----- EXTRACTED ENTRIES -----

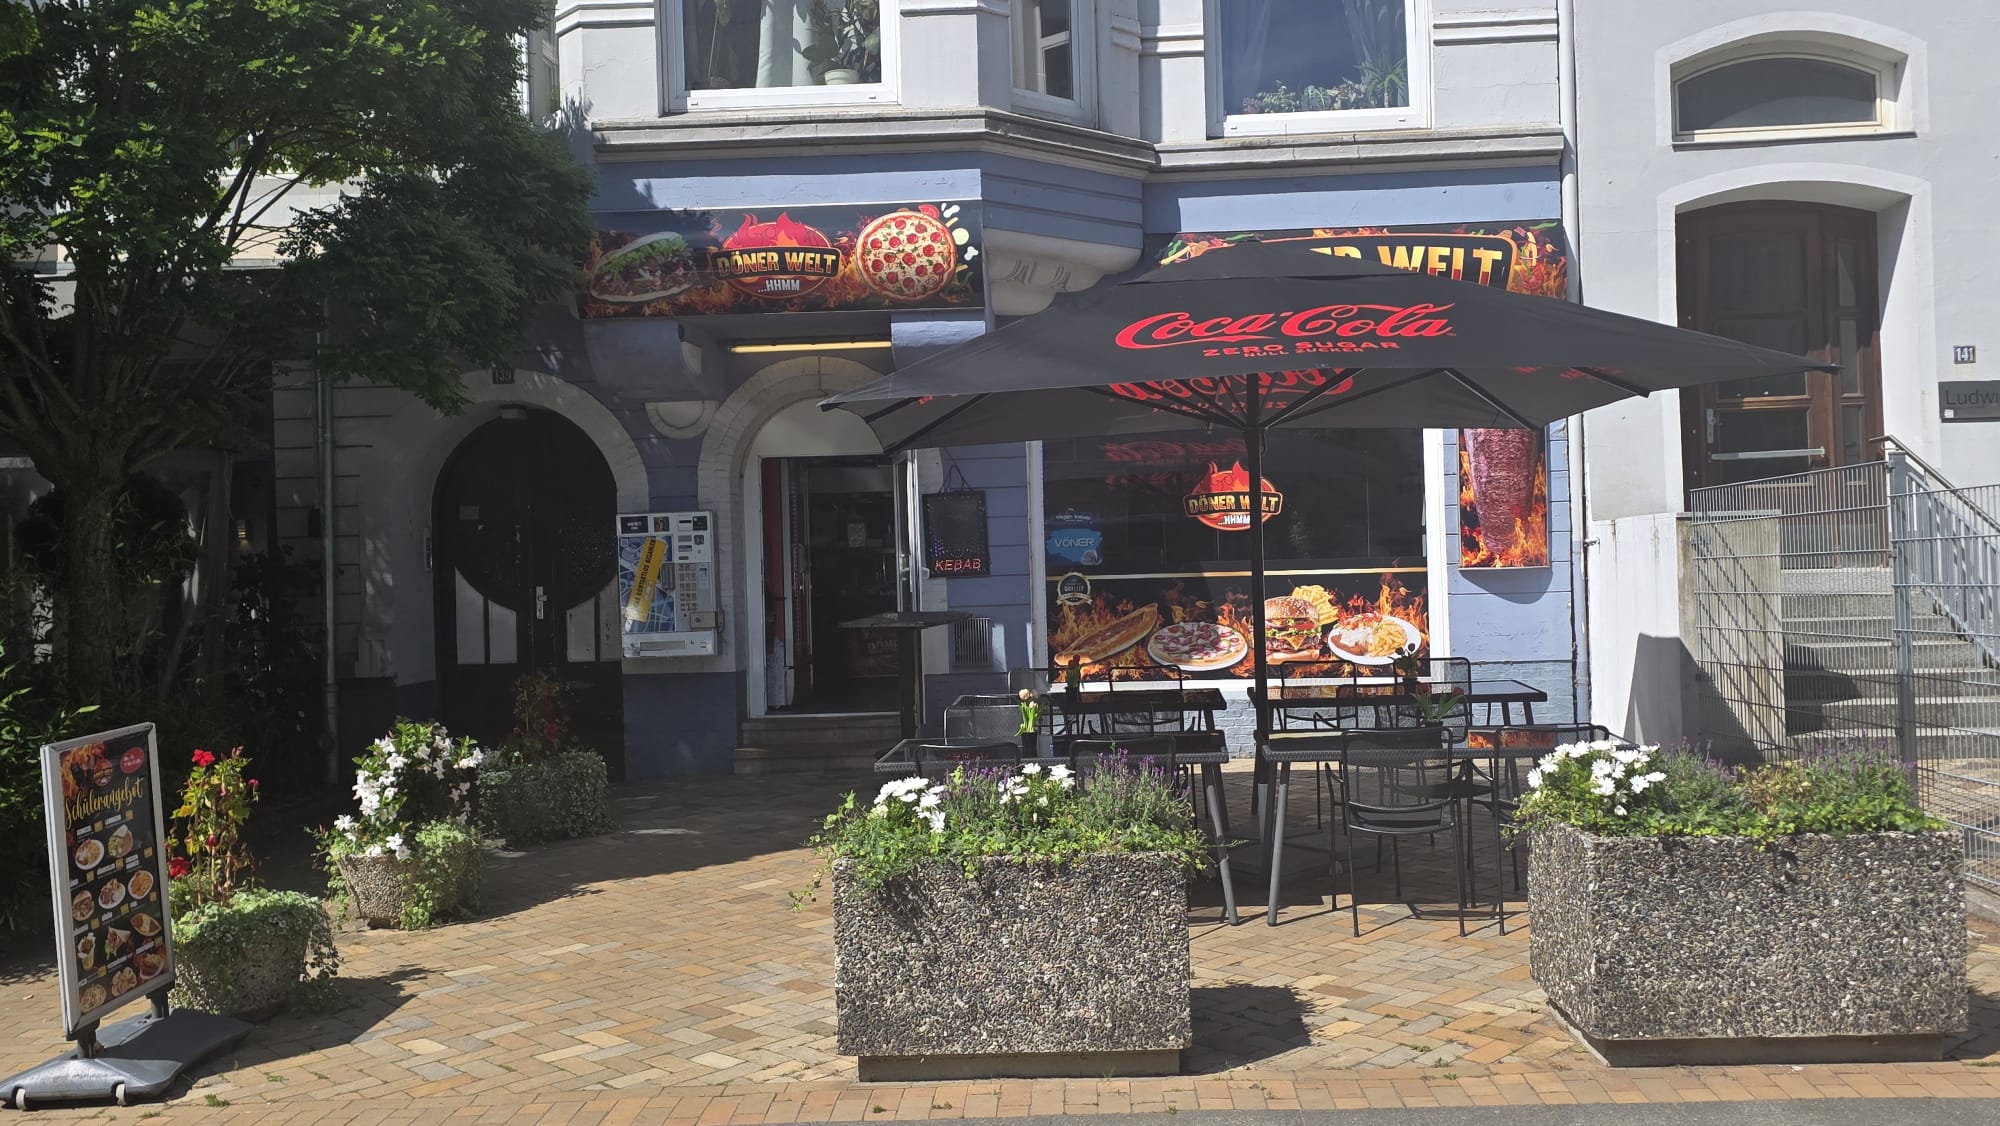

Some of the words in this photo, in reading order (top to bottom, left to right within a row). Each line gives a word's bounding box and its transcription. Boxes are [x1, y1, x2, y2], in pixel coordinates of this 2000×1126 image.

[716, 251, 780, 276] DÖNER
[784, 251, 837, 273] WELT
[1115, 303, 1456, 349] Coca-Cola
[1203, 344, 1284, 357] ZERO
[1295, 341, 1400, 350] SUGAR
[1243, 350, 1289, 358] NULL
[1956, 347, 1974, 361] 141
[1188, 495, 1236, 514] DÖNER
[1239, 495, 1279, 512] WLT
[1054, 536, 1095, 548] VÖNER
[934, 558, 981, 571] KEBAB
[66, 776, 145, 831] Schülerangebot
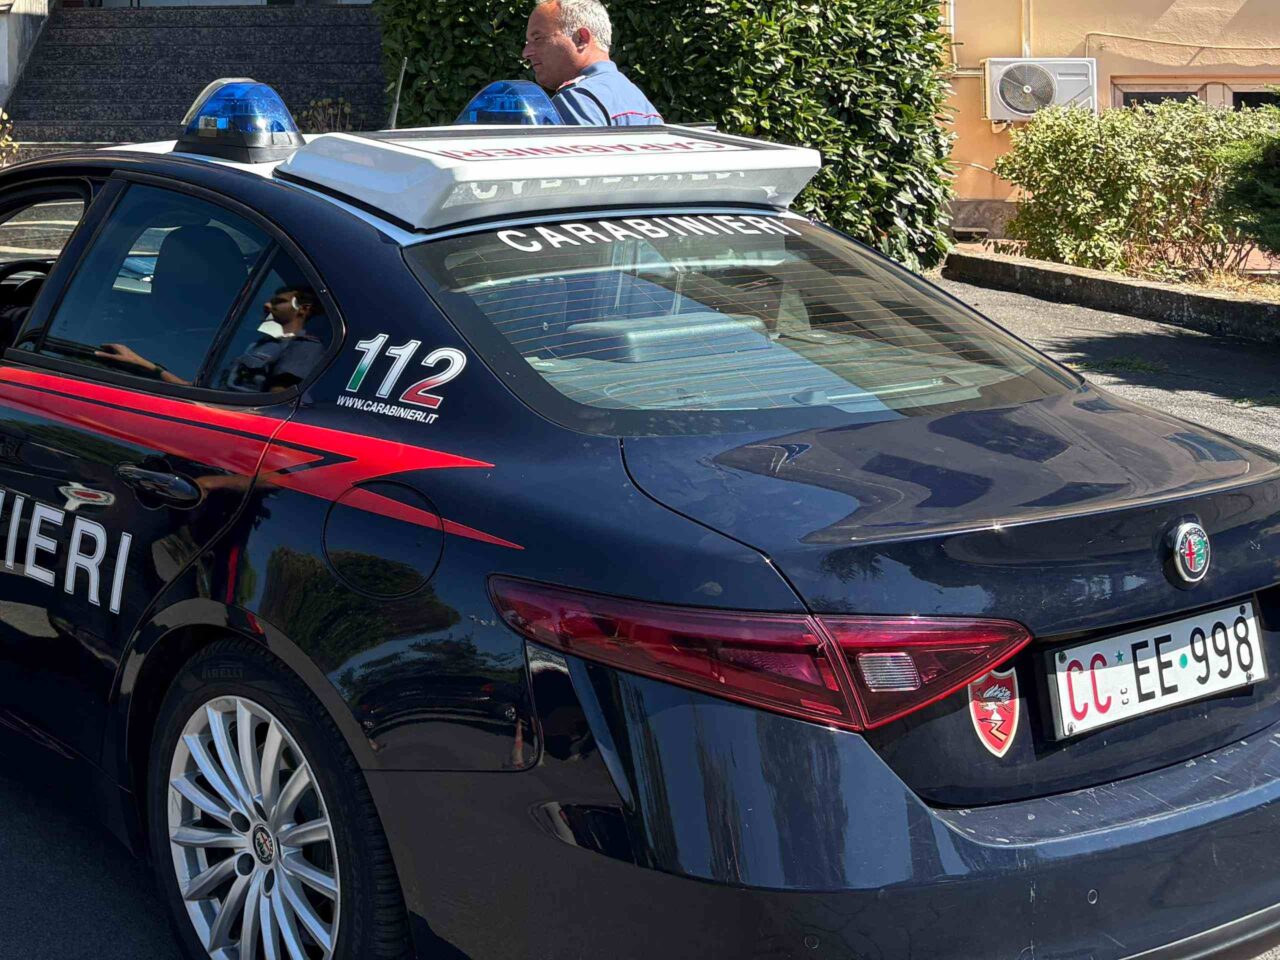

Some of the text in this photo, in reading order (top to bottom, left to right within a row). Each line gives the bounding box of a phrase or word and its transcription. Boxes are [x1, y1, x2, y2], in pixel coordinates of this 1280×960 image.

[496, 215, 802, 253] CARABINIERI
[345, 333, 467, 410] 112
[336, 394, 439, 425] WWW.CARABINIERI.IT
[1066, 615, 1255, 722] CC EE 998
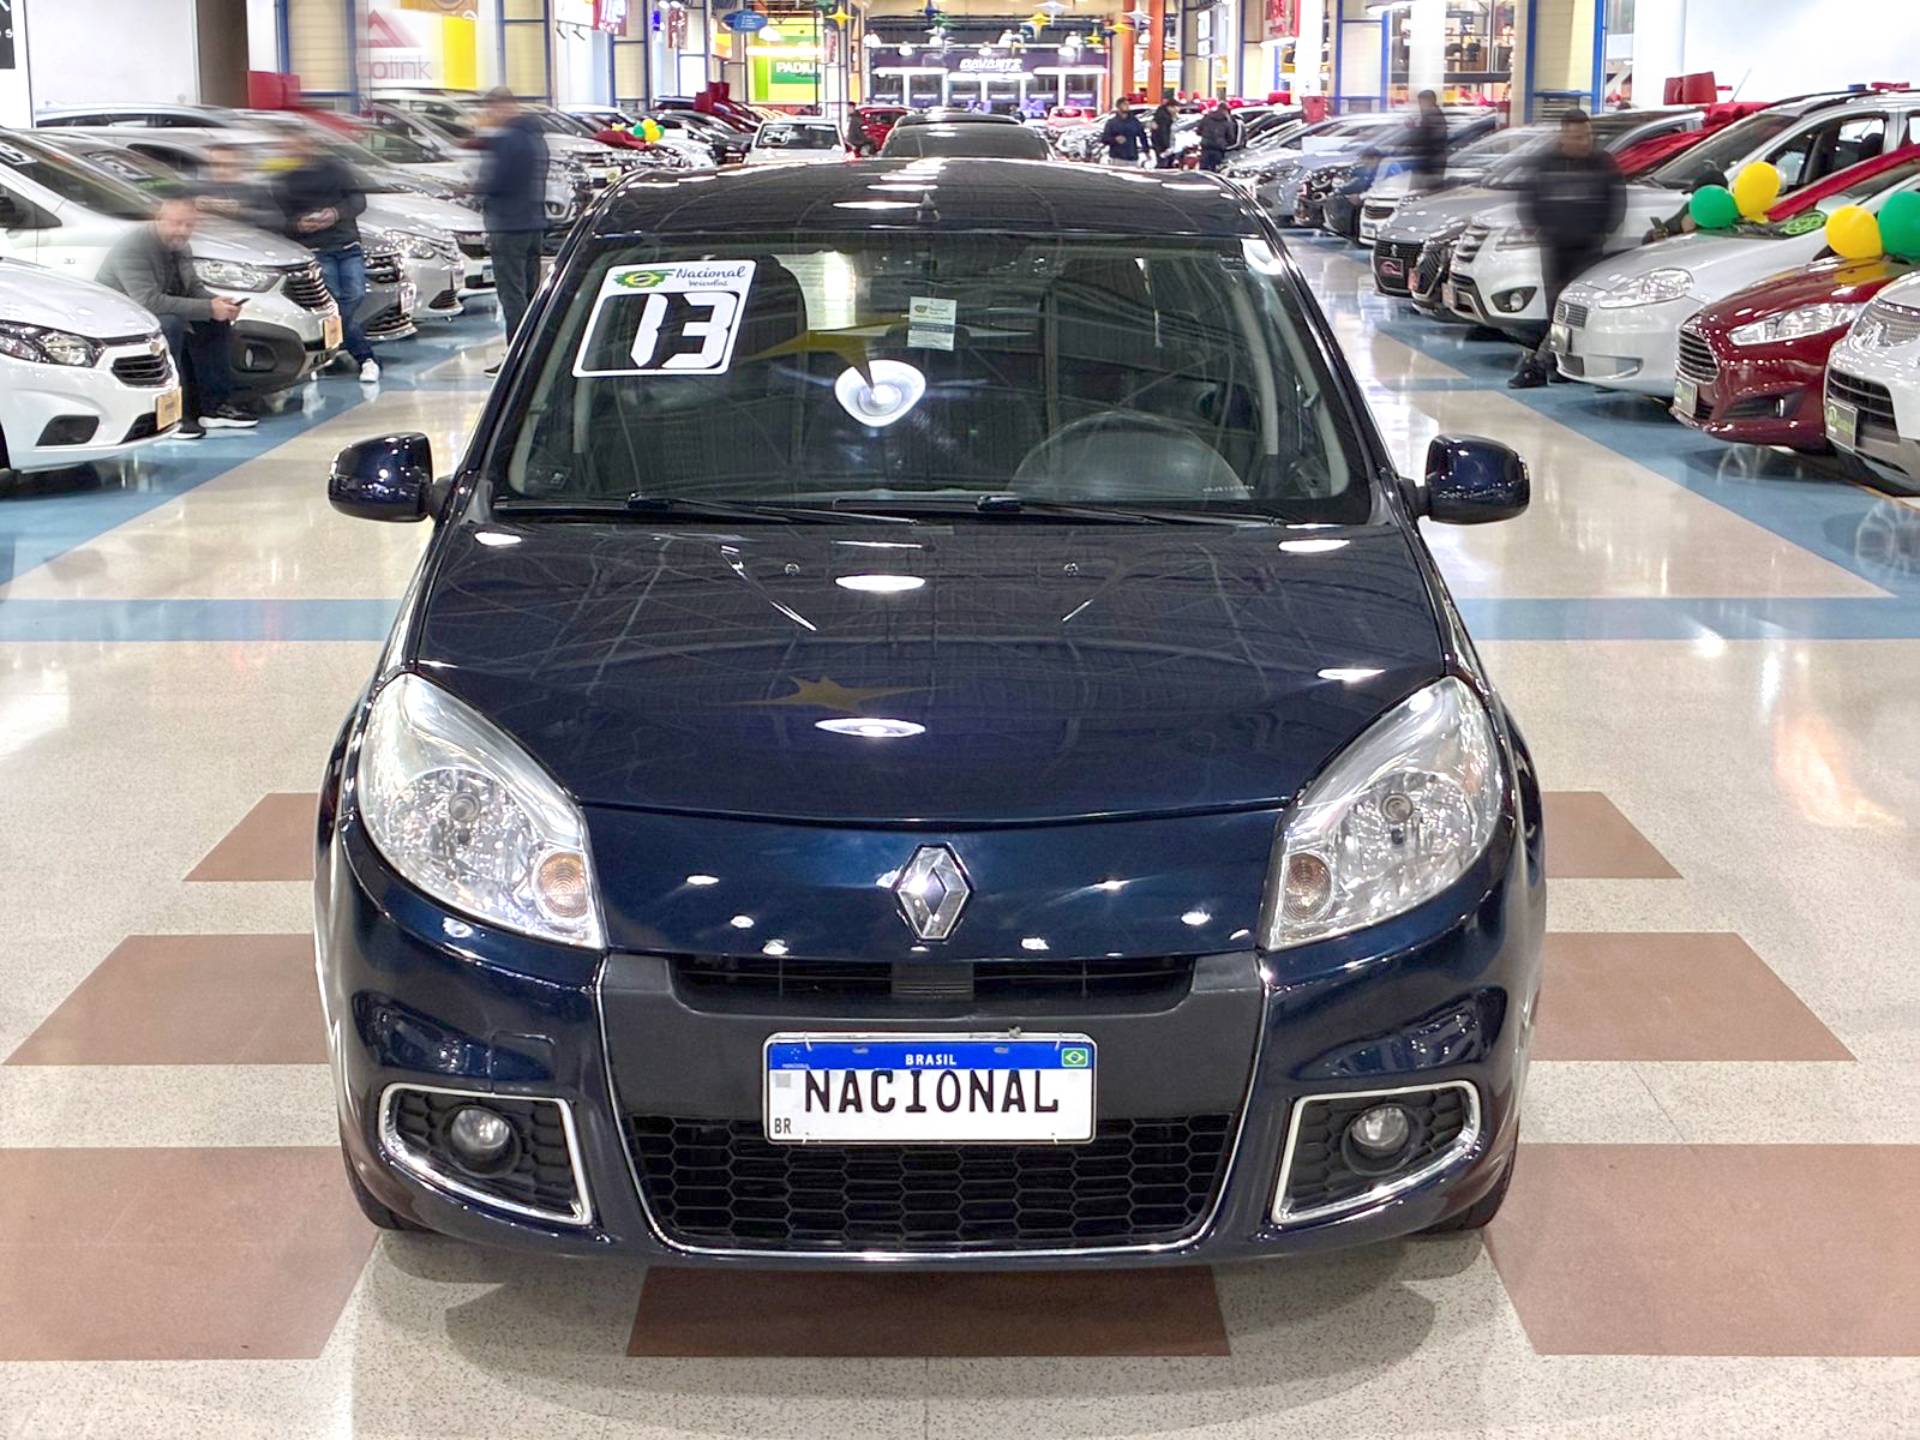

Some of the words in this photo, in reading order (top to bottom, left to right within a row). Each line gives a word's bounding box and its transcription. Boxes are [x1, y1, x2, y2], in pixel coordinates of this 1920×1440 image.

[676, 265, 746, 279] Nacional
[630, 292, 738, 369] 13
[905, 1053, 957, 1066] BRASIL
[804, 1069, 1059, 1113] NACIONAL
[774, 1117, 792, 1135] BR
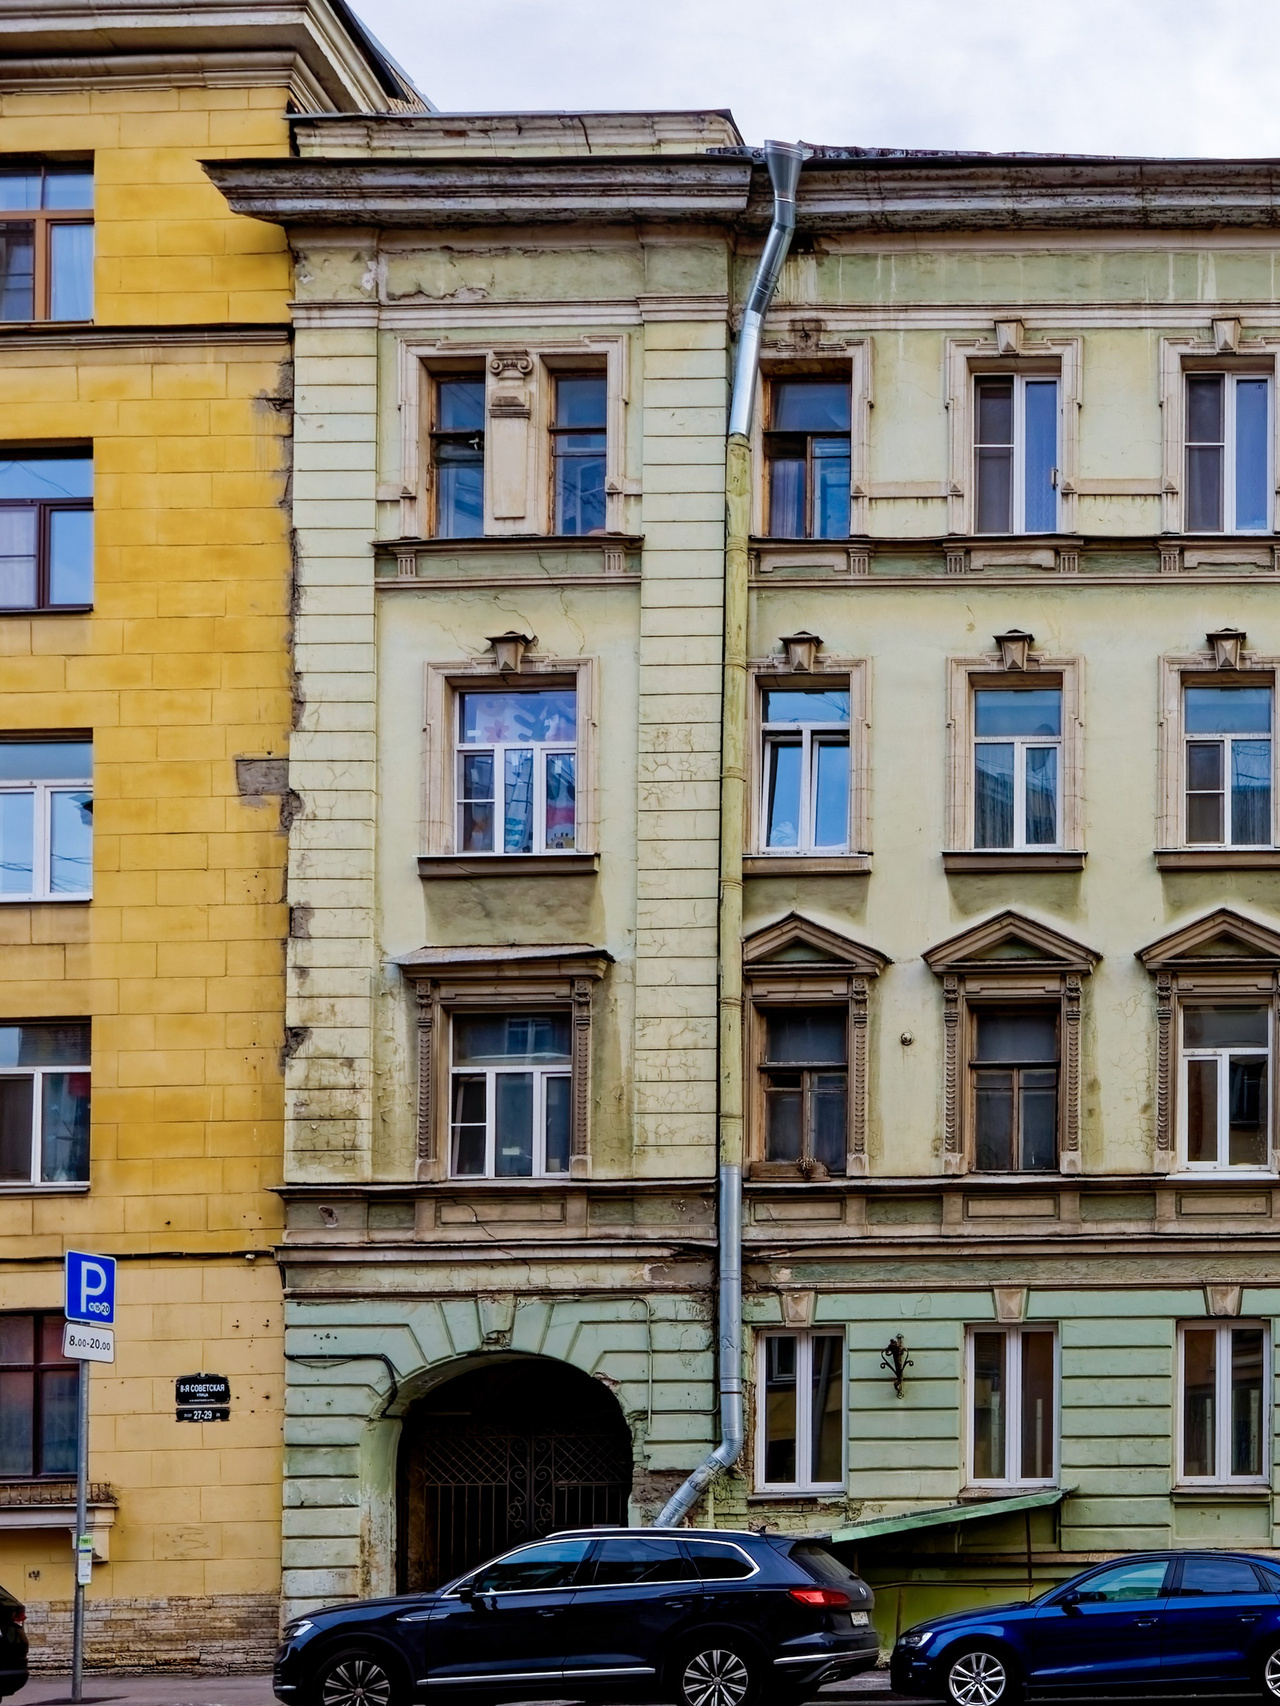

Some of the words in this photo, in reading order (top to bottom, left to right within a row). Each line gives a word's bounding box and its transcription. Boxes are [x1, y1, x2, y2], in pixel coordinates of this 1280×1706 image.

-----

# EXERCISE AIM:
I'd like every record transcribed exactly, with no pictures carried over.

# TASK ANSWER:
Some of the words in this photo, in reading order (top to bottom, left to right within a row). Each line gives a word's bounding box and its transcription. Boxes are [x1, y1, x2, y2], in pixel coordinates of this 2000×1126 image.

[716, 251, 780, 276] DÖNER
[784, 251, 837, 273] WELT
[1115, 303, 1456, 349] Coca-Cola
[1203, 344, 1284, 357] ZERO
[1295, 341, 1400, 350] SUGAR
[1243, 350, 1289, 358] NULL
[1956, 347, 1974, 361] 141
[1188, 495, 1236, 514] DÖNER
[1239, 495, 1279, 512] WLT
[1054, 536, 1095, 548] VÖNER
[934, 558, 981, 571] KEBAB
[66, 776, 145, 831] Schülerangebot

Some of the text in this photo, in reading order (top to bottom, left to right within a row). Each line gives the bounding box of a phrase or word and its transcription. Boxes are [x1, y1, x2, y2], in pixel coordinates of this 1280×960 image.

[496, 215, 802, 253] CARABINIERI
[345, 333, 467, 410] 112
[336, 394, 439, 425] WWW.CARABINIERI.IT
[1066, 615, 1255, 722] CC EE 998

Some of the words in this photo, in reading order (top to bottom, left to right within a row). Each line gives a word's bounding box and its transcription. Boxes are [x1, y1, x2, y2], in pixel coordinates of this 1920×1440 image.

[676, 265, 746, 279] Nacional
[630, 292, 738, 369] 13
[905, 1053, 957, 1066] BRASIL
[804, 1069, 1059, 1113] NACIONAL
[774, 1117, 792, 1135] BR

Some of the words in this photo, in reading order (top to bottom, left to right within a row). Each line gives a word's bounding box and its transcription. Boxes are [x1, y1, x2, y2], in pixel coordinates of this 1280×1706 image.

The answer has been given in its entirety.